By any measure, 1972 was a peak year of the Cold War: the Vietnam War was in full force; Richard Nixon played his “China Card” by visiting China; Libya and Chile re-aligned toward the USSR while Egypt re-aligned toward the U.S.; and proxy wars between the two superpowers proliferated throughout Africa. Both sides had allies, friends, proxies, space accomplishments, extensive intelligence operations and propaganda machines. And both were led by hard-nosed leaders determined to give few concessions to the other side. Moreover, each side’s scientific space program was highly visible but intimately linked to its military.  

And yet, in July of 1972, President Nixon and Soviet Premier Alexei Kosygin — both famous hardliners against the other side — signed what became known as the Appolo-Soyuz agreement to open the door to space scientific cooperation and, famously, provide for the US Apollo spacecraft to dock with the Soviet Soyuz spacecraft. Many on each side, including The New York Times reacted negatively to such cooperation, fearing that the other side would manipulate the cooperation to steal technology.  

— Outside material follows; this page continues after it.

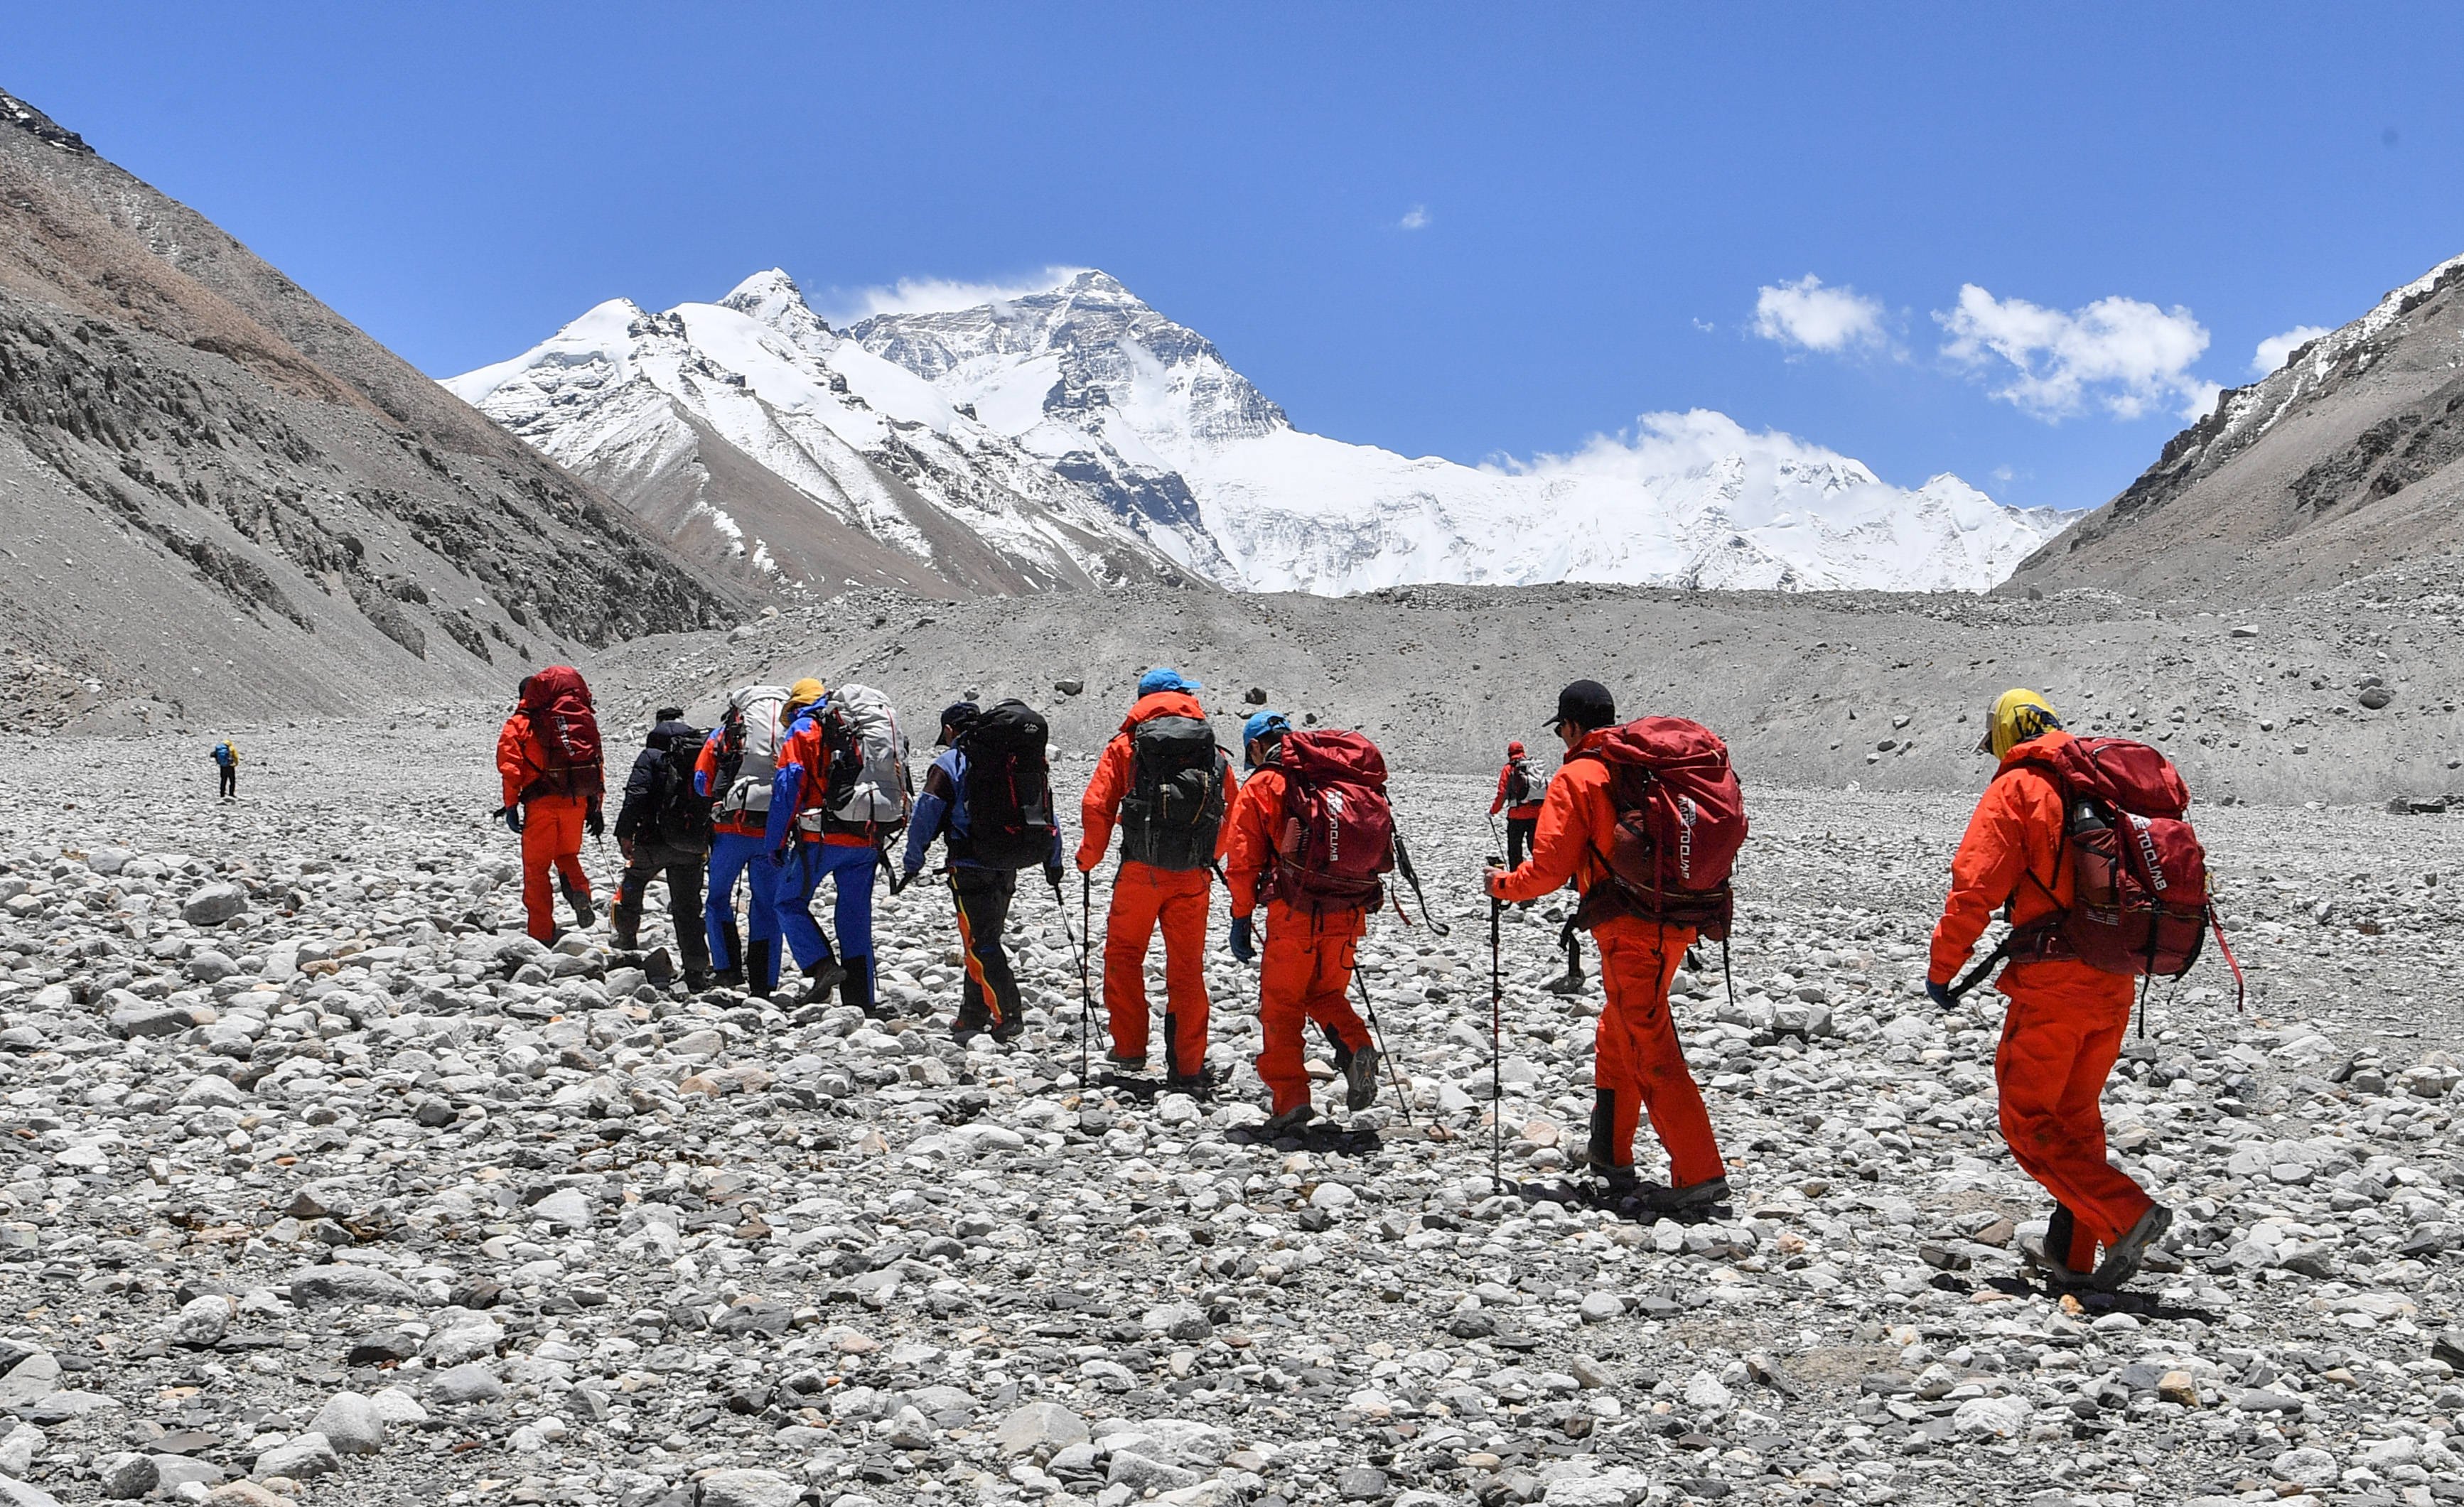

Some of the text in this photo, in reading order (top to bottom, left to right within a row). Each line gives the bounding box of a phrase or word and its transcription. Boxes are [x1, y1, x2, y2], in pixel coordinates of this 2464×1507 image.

In July of 1975, in one of the most highly publicized space ventures of all time, America’s manned Apollo spacecraft docked with the Soviet’s manned Soyuz spacecraft and the five astronauts/cosmonauts spent 44 hours before a worldwide television audience shaking hands and conducting experiments. Apollo-Soyuz was less a scientific achievement than it was a lesson that even during the depths of Cold War confrontation, targeted cooperation in outer space can exist. 

Both Nixon and his foreign policy guru, Henry Kissinger, and Kosygin and his Politburo colleagues were clearly trying to send a signal to their allies, militaries, supporters and publics that carefully tailored, highly visible outer space cooperation during the height of geopolitical confrontation was possible, and that geopolitical confrontation need not necessarily lead to unrestrained war. Today, although the Biden administration seeks to similarly carve out “climate change” as a topic of Sino-U.S. cooperation, “climate change” includes so many domestic and international economic and political crosscurrents that even the appearance of cooperation is extremely complex.  

Space science cooperation has many advantages: its non-political/scientific basis, its high visibility, its comparative simplicity, and its heritage of adversaries cooperating. A 2023-style Apollo-Soyuz venture should be favorably considered, notwithstanding the Wolf Amendment, as a means to show the world that geopolitical confrontation need not necessarily lead to unrestrained war — just as it did in 1972.   

Roger Cochetti has served as a senior executive with COMSAT, IBM, VeriSign and CompTIA. A former U.S. government official, he has helped found a number of nonprofits in the tech sector and is the author of textbooks on the history of satellite communications.